To understand the physical mechanisms that support persistent hotspots along the Western Antarctic Peninsula (WAP), this project will integrate a modeling and field program that will target the processes responsible for transporting and concentrating phytoplankton and krill biomass to known penguin foraging locations. Within the Palmer Deep canyon, a representative hotspot, the team will deploy a High Frequency Radar (HFR) coastal surface current mapping network, uniquely equipped to identify the eddies and frontal regions that concentrate phytoplankton and krill.

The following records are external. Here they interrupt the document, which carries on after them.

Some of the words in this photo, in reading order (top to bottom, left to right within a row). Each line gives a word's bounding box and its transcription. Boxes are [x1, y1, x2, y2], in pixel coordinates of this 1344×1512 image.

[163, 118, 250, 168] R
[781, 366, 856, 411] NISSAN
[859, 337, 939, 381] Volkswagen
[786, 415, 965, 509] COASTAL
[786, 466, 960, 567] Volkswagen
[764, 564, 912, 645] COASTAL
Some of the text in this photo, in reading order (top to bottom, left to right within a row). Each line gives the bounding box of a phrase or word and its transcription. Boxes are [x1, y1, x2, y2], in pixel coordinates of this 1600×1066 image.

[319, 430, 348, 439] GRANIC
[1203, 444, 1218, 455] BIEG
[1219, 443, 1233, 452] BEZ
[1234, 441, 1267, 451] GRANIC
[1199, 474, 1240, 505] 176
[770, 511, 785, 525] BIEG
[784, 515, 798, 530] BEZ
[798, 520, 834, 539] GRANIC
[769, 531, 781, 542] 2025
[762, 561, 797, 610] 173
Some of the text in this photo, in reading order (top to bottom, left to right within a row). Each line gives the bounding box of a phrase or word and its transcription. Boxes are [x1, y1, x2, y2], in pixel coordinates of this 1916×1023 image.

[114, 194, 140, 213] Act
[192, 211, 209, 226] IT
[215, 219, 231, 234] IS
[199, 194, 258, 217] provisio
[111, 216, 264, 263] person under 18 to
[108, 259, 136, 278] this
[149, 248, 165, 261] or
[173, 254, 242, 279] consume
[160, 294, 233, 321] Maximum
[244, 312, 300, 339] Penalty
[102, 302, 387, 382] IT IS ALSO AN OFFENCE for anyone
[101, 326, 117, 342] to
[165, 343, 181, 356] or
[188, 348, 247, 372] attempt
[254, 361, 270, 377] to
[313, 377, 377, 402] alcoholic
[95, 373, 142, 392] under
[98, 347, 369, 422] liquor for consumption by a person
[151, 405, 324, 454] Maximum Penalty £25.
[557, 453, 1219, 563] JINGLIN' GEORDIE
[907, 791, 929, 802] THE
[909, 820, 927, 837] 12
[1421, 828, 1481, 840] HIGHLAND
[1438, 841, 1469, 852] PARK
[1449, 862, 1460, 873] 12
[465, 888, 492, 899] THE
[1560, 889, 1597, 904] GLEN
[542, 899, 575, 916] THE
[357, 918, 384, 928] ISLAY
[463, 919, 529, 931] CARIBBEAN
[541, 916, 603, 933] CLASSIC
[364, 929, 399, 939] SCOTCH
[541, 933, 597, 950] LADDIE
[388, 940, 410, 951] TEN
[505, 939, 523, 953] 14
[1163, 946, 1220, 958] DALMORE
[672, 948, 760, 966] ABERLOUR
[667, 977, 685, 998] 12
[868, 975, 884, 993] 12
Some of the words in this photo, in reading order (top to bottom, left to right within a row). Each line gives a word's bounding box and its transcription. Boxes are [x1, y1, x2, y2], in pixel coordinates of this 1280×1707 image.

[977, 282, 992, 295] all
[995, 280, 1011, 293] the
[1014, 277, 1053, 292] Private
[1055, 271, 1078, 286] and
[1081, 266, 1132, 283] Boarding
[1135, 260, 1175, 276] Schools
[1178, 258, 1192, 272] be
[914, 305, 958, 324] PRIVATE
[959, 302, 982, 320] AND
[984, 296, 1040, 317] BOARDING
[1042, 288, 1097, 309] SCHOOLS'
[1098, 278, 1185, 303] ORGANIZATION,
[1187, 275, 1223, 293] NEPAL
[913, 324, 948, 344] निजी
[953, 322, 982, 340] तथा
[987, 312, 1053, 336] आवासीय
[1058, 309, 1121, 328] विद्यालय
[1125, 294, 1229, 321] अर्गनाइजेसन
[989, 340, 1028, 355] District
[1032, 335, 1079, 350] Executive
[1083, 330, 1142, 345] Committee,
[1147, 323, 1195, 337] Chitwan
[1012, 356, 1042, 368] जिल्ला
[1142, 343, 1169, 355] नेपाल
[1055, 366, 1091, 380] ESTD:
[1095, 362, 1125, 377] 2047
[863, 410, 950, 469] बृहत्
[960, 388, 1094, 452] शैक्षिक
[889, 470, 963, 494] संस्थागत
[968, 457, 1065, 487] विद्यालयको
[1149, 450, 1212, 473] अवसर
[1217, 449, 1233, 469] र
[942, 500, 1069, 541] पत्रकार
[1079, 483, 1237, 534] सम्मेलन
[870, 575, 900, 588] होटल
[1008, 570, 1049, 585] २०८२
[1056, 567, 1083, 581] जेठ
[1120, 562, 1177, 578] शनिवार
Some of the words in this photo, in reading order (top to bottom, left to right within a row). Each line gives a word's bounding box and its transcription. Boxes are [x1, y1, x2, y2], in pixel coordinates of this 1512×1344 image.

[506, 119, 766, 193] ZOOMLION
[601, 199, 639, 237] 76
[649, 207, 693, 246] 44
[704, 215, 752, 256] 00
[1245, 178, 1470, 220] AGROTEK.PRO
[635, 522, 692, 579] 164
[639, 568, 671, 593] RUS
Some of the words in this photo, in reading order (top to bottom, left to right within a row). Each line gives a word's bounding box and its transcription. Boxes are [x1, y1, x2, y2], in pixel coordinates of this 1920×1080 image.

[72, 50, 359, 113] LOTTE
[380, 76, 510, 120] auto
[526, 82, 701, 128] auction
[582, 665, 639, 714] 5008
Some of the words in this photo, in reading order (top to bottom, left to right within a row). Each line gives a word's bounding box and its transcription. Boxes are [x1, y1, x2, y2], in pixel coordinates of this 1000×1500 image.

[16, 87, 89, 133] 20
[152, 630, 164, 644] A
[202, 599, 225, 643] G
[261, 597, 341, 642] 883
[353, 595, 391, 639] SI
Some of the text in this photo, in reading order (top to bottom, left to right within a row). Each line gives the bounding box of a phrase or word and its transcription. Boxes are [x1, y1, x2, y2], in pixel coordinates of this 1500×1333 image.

The field program, centered on surface features identified by the HFR, will include (i) a coordinated fleet of gliders to survey hydrography, chlorophyll fluorescence, optical backscatter, and active acoustics at the scale of the targeted convergent features; (ii) precise penguin tracking with GPS-linked satellite telemetry and time-depth recorders (TDRs); (iii) and weekly small boat surveys that adaptively target and track convergent features to measure phytoplankton, krill, and hydrography. A high resolution physical model will generalize our field measurements to other known hotspots along the WAP through simulation and determine which physical mechanisms lead to the maintenance of these hotspots. The project will also engage educators, students, and members of the general public in Antarctic research and data analysis with an education program that will advance teaching and learning as well as broadening participation of under-represented groups. This engagement includes professional development workshops, live connections to the public and classrooms, student research symposia, and program evaluation. Together the integrated research and engagement will advance our understanding of the role regional transport pathways and local depth dependent concentrating physical mechanisms play in sustaining these biological hotspots.

This award reflects NSF's statutory mission and has been deemed worthy of support through evaluation using the Foundation's intellectual merit and broader impacts review criteria.